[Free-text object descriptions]
--- START ---

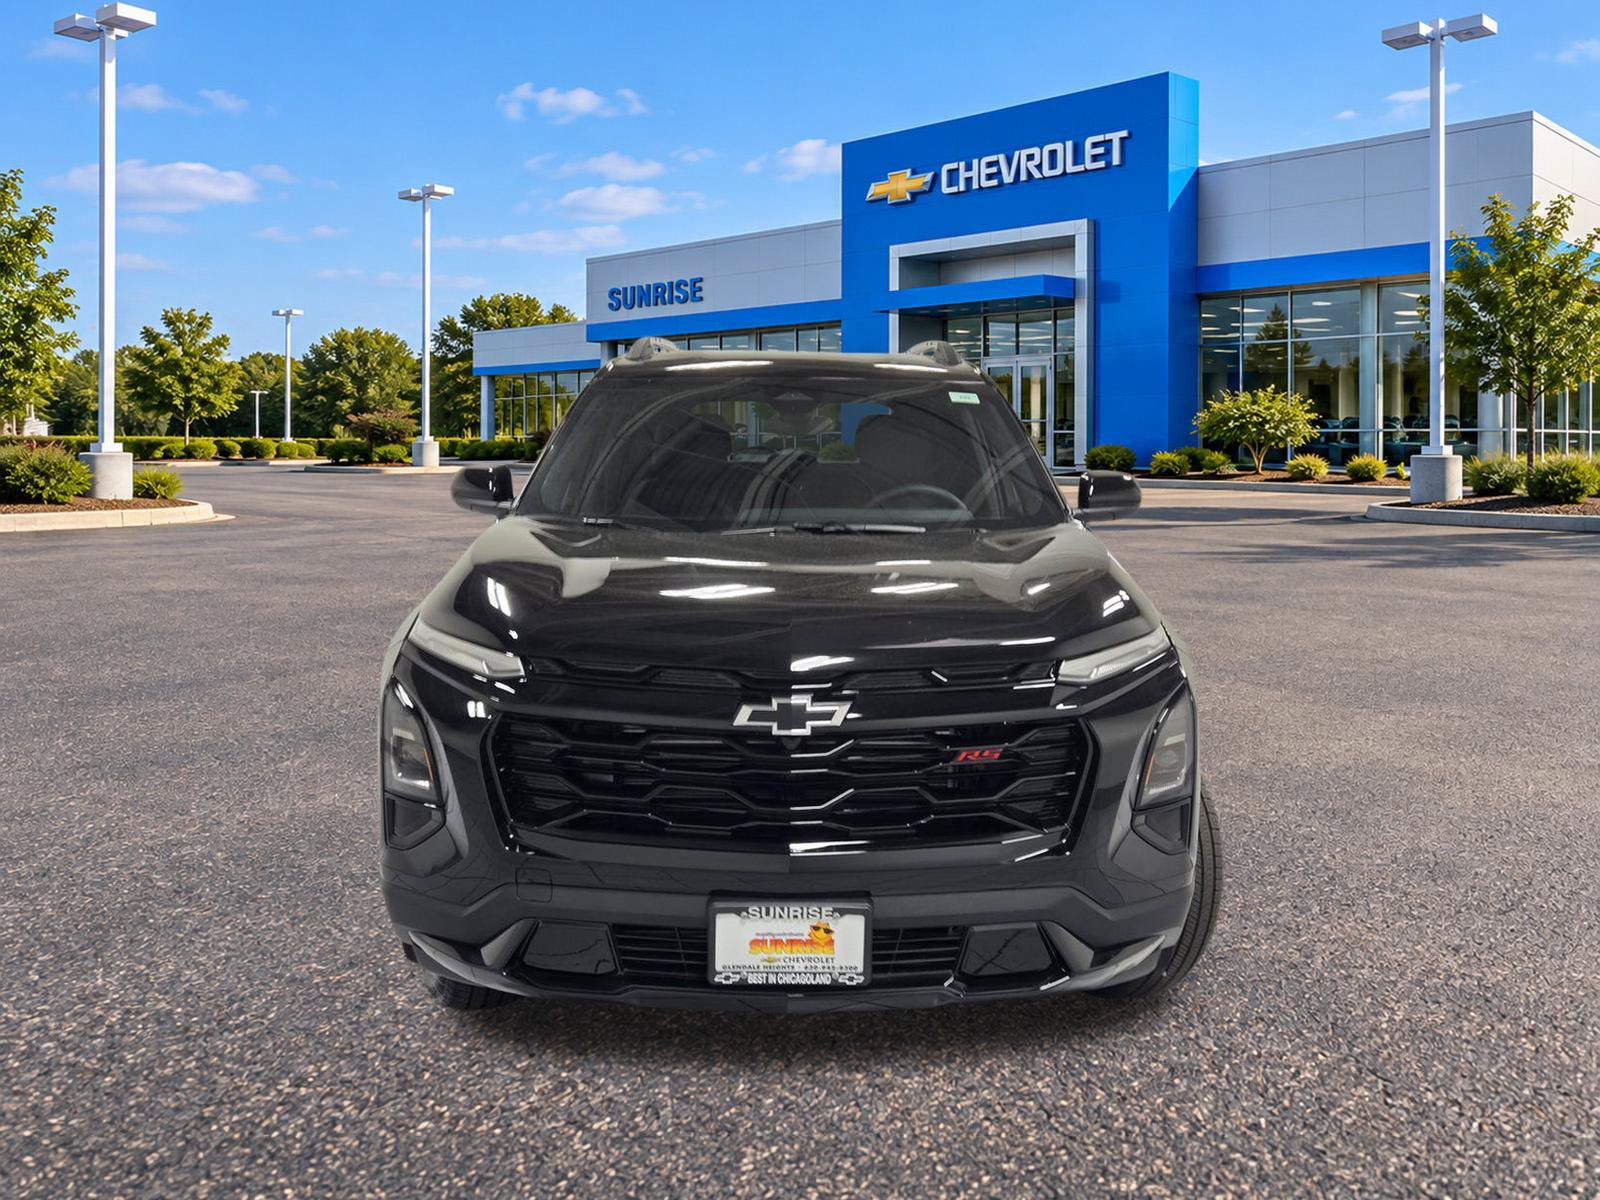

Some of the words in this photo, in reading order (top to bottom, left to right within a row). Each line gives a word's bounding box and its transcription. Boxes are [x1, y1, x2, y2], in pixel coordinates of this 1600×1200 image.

[941, 130, 1129, 195] CHEVROLET
[607, 277, 704, 312] SUNRISE
[956, 750, 1001, 762] RS
[747, 906, 833, 919] SUNRISE
[749, 938, 835, 955] SUNRISE
[783, 956, 834, 964] CHEVROLET
[747, 972, 767, 985] BEST
[767, 972, 777, 985] IN
[777, 972, 831, 985] CHICAGOLAND
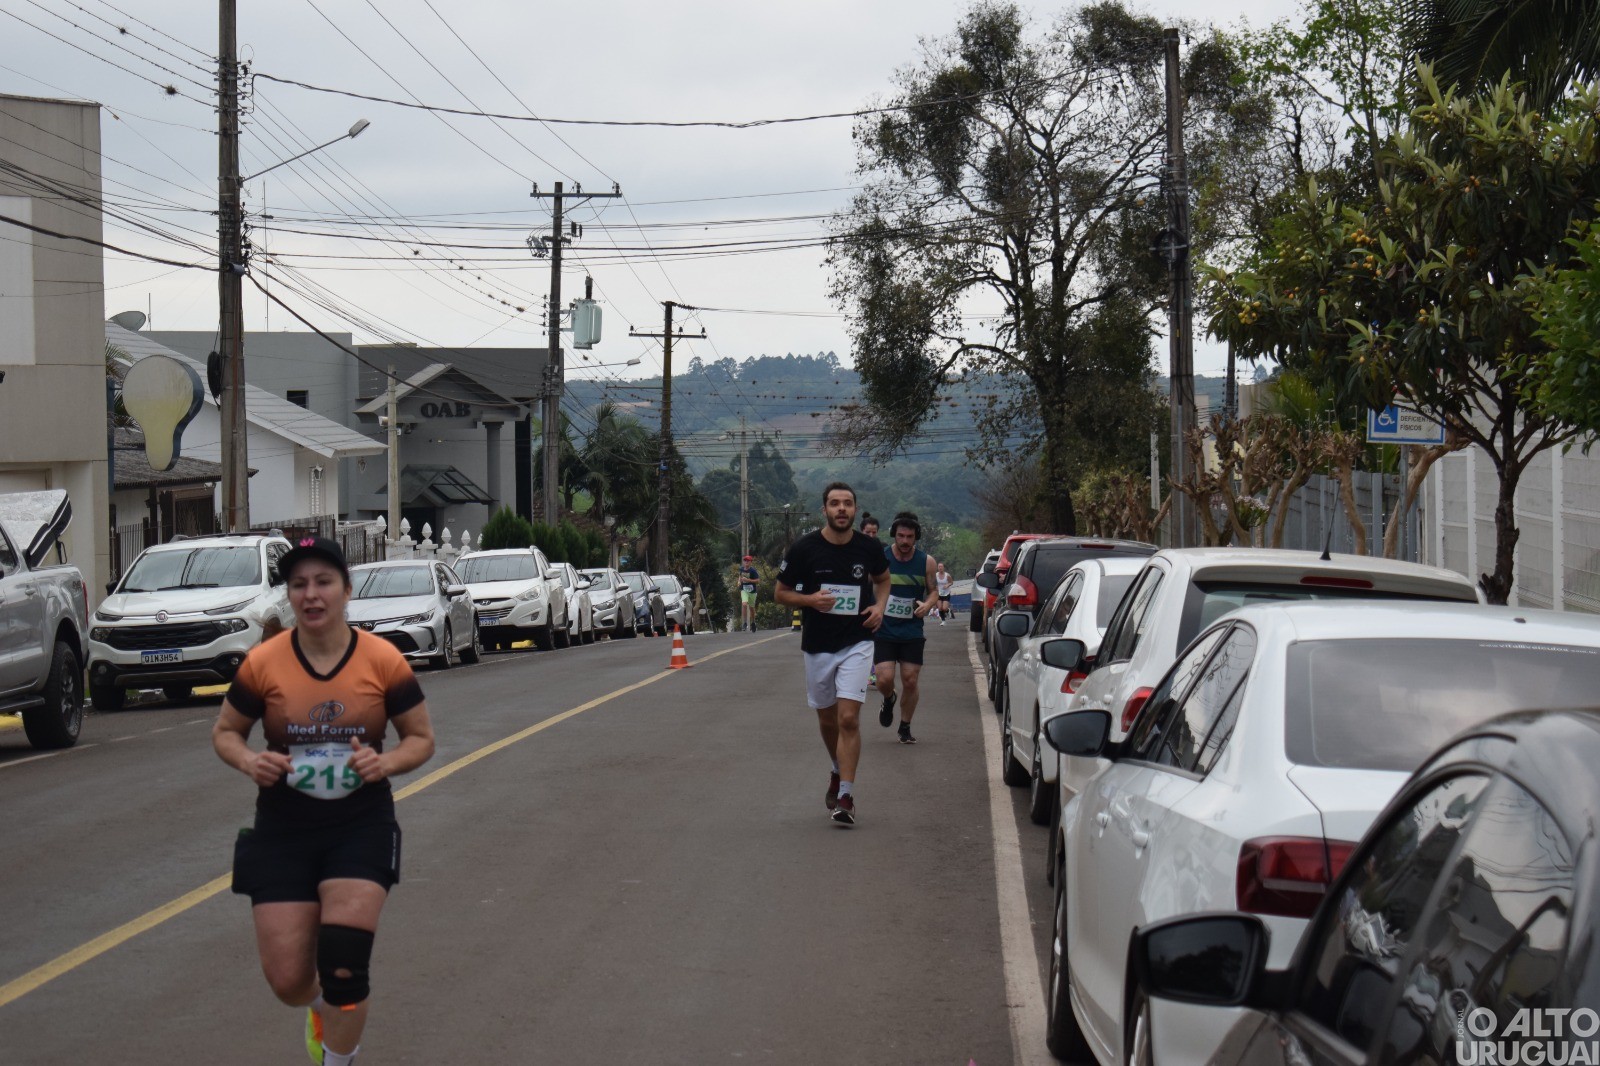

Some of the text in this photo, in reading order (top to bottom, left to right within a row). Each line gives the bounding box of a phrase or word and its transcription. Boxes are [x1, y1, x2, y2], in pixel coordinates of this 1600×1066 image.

--- END ---

Copy all records exactly; omit images.

Some of the words in this photo, in reading order (top to bottom, left to right within a row). Each line gives a word's bounding box and its transcription. Boxes are [x1, y1, x2, y2], in pixel coordinates of this 1600×1200 image.

[941, 130, 1129, 195] CHEVROLET
[607, 277, 704, 312] SUNRISE
[956, 750, 1001, 762] RS
[747, 906, 833, 919] SUNRISE
[749, 938, 835, 955] SUNRISE
[783, 956, 834, 964] CHEVROLET
[747, 972, 767, 985] BEST
[767, 972, 777, 985] IN
[777, 972, 831, 985] CHICAGOLAND

Some of the text in this photo, in reading order (top to bottom, left to right within a row). Each line gives the bounding box of a phrase or word and its transcription. Boxes are [x1, y1, x2, y2], in pixel coordinates of this 1600×1066 image.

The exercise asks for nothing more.